Nothing in the sequence violates continuity editing’s basic principles. The shots keep screen direction constant and character position clear. Indeed, the director has understood spatial continuity very deeply: the men to the left of Bando are pushed far to the left side of the frame, the men to the right are squeezed rightward, so that Bando is always implicitly filling the area they’re recoiling from. But what American director would have risked such a bold piece of cutting?
Orochi, let’s remember, was released the same year as Strike and Potemkin. If this passage had been known to the earliest generation of film historians, Japan might well have been greeted as another birthplace of daringly dynamic montage. (2)
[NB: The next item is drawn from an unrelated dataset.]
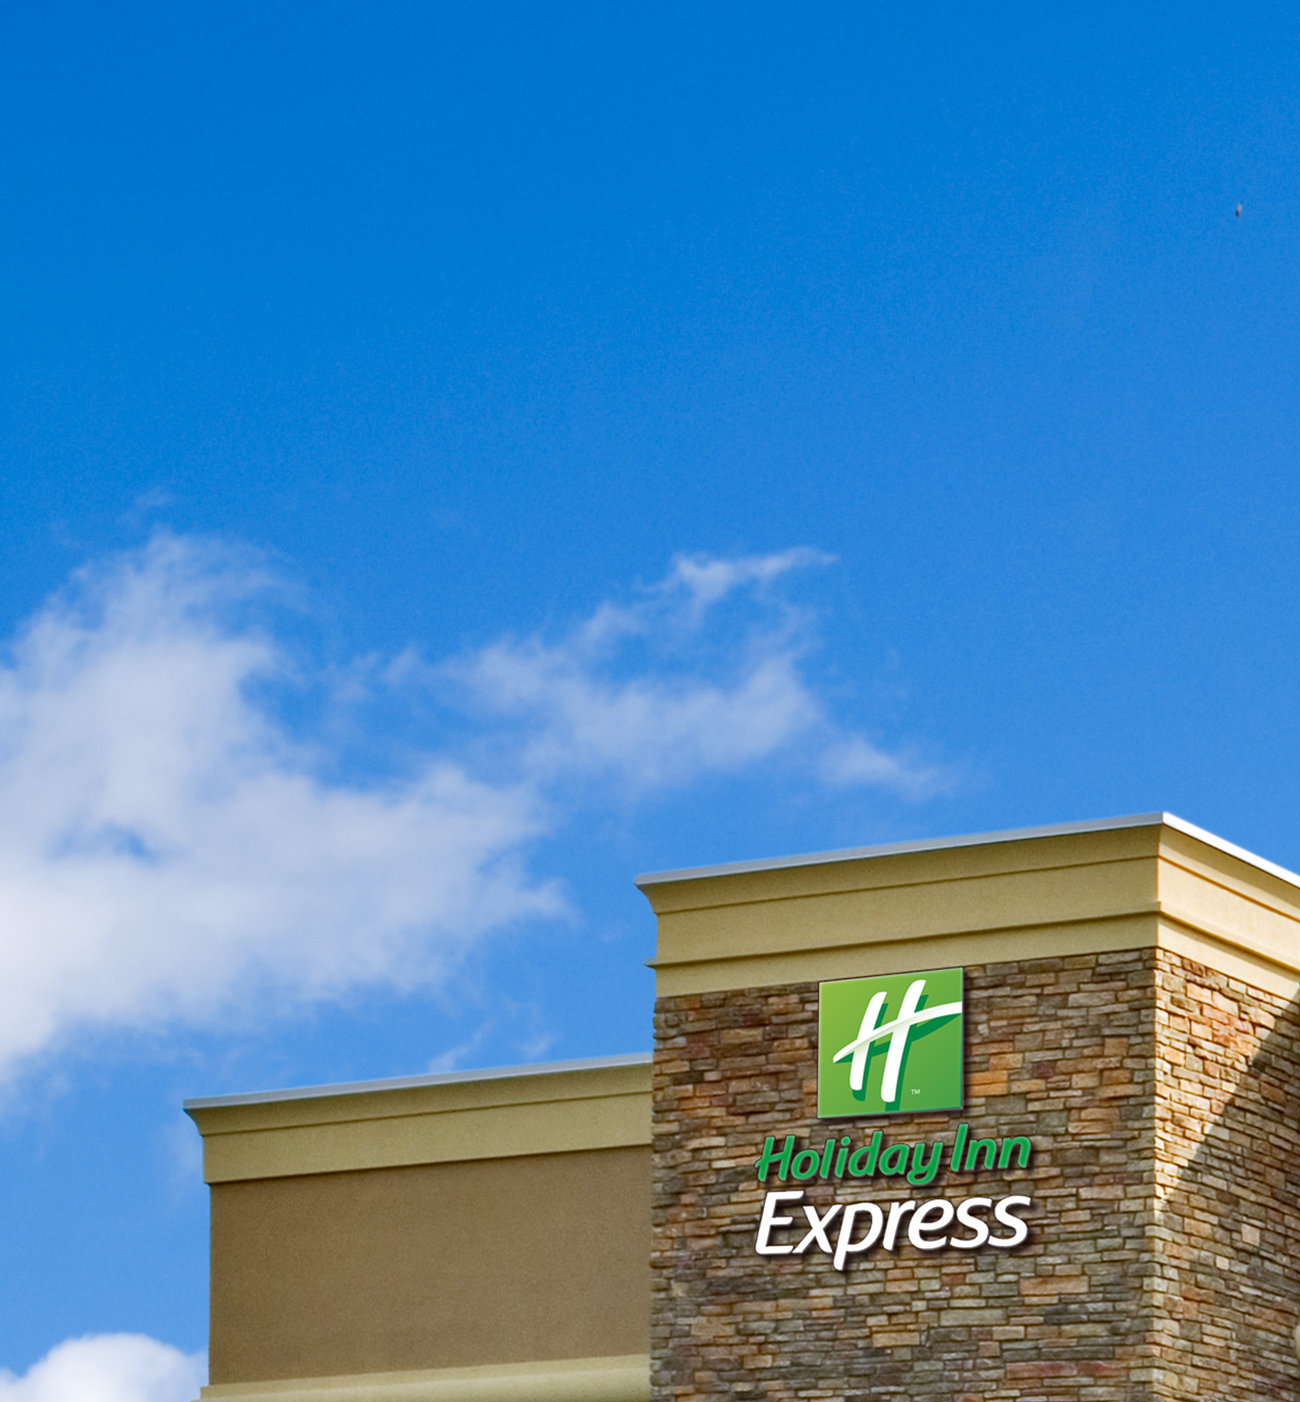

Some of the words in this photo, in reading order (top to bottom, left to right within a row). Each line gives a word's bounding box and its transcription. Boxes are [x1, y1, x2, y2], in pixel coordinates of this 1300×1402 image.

[754, 1130, 944, 1186] Holiday
[950, 1123, 1032, 1173] Inn
[755, 1190, 1032, 1271] Express
There are several other intriguing flourishes in the footage on display in Bantsuma, particularly a scene of Bando dying in a swirl of steam (this entry’s top image). But two points should be clear: this is innovative filmmaking of a high order, and it took place in a shamelessly commercial film industry. Mainstream filmmaking in Japan has been open to stylistic experiment to a degree rare in other popular cinemas. You can trace a line from the 1920s to the present, from the chambara directors through Ozu and Mizoguchi and Kinoshita and Suzuki Seijin right up to Kitano and Miike. Along a parallel path, Hong Kong action cinema pressed filmmakers toward creative renovation of film technique. (3) In this tradition, the action films of Bantsuma and his peers hold an honored place.
The lessons are familiar ones from this blog. Mass-market cinema harbors experimental impulses; creative directors working in well-known genres are often striving to push the limits. By attending to technique, we can discover a dazzling variety in areas of film history not usually considered “artistic.”
PS: Through Digital Meme, Matsuda has also made available a treasury of 55 animated films from the earliest years. The are at work on a DVD of early Mizoguchi films, including a fragment I’m keen to see from Tojin Okichi (Okichi, Mistress of a Foreigner, 1930).
(1) A large set of them has been available for some years on a DVD-ROM, also available from Digital Meme. For useful reviews, go to Midnight Eye and hors champ.
(2) ) I offer several other examples in the essays “Japanese Film Style, 1925-1945” and “A Cinema of Flourishes” in the forthcoming Poetics of Cinema.
(3) I make this argument in Planet Hong Kong and the essays “Aesthetics in Action” and “Richness through Imperfection” in Poetics of Cinema.